ENTRETIEN. L’association Transparence citoyenne, connue pour avoir rendu publiques les notes de frais d'Anne Hidalgo, vient de remporter une victoire judiciaire contre le maire de Perpignan. Cette avancée soulève des questions sur la transparence des dépenses publiques.
Guillaume Leroy, le président de l’association, a exprimé ses préoccupations quant à la lenteur des procédures administratives et à l'opacité qui entoure les finances publiques. "Notre dernière victoire est un tournant qui montre que la justice peut forcer les maires à être plus ouverts sur leurs dépenses", a-t-il déclaré. L'association réclame l'accès aux notes de frais du maire Louis Aliot, un processus qui a pris un an et demi, et qui pourrait prendre encore plus de temps si des recours sont engagés.
Cela s'inscrit dans une vaste campagne nationale visant à exiger la transparence des finances publiques. "Nous avons interpellé les dix plus grandes villes qui n'avaient pas répondu à nos demandes.
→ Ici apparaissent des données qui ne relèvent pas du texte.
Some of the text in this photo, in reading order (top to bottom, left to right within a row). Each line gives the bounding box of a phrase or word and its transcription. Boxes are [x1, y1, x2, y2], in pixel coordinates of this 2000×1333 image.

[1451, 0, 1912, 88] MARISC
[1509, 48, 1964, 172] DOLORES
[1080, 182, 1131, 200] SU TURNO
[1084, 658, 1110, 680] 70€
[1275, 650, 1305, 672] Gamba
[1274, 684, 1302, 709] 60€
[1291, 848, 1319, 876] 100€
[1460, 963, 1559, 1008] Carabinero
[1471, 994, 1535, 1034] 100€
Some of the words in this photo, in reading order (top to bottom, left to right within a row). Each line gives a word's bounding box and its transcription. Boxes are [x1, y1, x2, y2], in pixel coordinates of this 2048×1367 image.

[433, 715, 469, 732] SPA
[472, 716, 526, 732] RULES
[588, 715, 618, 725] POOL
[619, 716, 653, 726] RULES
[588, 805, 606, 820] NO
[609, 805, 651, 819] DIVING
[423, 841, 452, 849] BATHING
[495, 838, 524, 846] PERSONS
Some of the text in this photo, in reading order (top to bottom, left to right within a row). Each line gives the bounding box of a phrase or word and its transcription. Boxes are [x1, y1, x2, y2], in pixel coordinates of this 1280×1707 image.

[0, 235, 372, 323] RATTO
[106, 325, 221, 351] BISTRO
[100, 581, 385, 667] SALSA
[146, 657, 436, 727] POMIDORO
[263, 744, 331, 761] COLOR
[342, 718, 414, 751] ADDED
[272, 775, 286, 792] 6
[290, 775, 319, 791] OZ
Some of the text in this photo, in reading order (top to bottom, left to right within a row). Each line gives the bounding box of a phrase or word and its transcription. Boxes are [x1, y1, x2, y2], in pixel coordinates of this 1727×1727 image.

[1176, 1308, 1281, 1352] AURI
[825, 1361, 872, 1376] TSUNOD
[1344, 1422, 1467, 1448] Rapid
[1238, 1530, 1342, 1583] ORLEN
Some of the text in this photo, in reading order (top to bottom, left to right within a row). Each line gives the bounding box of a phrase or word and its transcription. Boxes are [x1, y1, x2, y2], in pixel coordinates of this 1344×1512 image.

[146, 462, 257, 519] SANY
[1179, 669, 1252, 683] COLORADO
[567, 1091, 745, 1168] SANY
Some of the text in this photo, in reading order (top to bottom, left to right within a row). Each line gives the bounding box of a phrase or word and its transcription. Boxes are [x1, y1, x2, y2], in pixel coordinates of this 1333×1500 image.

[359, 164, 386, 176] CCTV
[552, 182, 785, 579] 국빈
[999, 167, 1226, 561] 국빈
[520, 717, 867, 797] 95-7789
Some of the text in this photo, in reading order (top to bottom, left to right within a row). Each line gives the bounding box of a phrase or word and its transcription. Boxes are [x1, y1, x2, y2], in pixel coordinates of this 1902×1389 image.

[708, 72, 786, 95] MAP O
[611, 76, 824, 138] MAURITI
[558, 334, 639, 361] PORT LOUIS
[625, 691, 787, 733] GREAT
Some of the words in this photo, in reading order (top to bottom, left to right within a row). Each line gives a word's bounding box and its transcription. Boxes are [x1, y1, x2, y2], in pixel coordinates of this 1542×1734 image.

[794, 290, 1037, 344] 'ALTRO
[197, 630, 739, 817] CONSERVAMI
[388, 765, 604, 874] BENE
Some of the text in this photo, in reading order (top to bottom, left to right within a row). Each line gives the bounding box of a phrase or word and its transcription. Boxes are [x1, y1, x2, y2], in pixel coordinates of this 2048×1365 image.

Ce jugement est le premier sur le fond que nous obtenons, et il pourrait ouvrir la voie à d'autres actions", a ajouté Leroy.
Le président souligne que les recours en appel peuvent prolonger indéfiniment ce processus. "Dans certains cas, il peut falloir jusqu'à cinq ans pour obtenir une décision définitive. Pendant ce temps, la transparence est compromise, et parfois, les entreprises concernées par des marchés publics litigieux disparaissent", a-t-il averti.
Cette problématique de l'accès à l'information est d'autant plus cruciale à l'heure où les citoyens exigent des comptes de leurs élus. C'est un combat qui s'inscrit dans le droit fil des mouvements de demande de transparence et de responsabilité dans l'usage des fonds publics, comme l'a souligné le journal Valeurs Actuelles.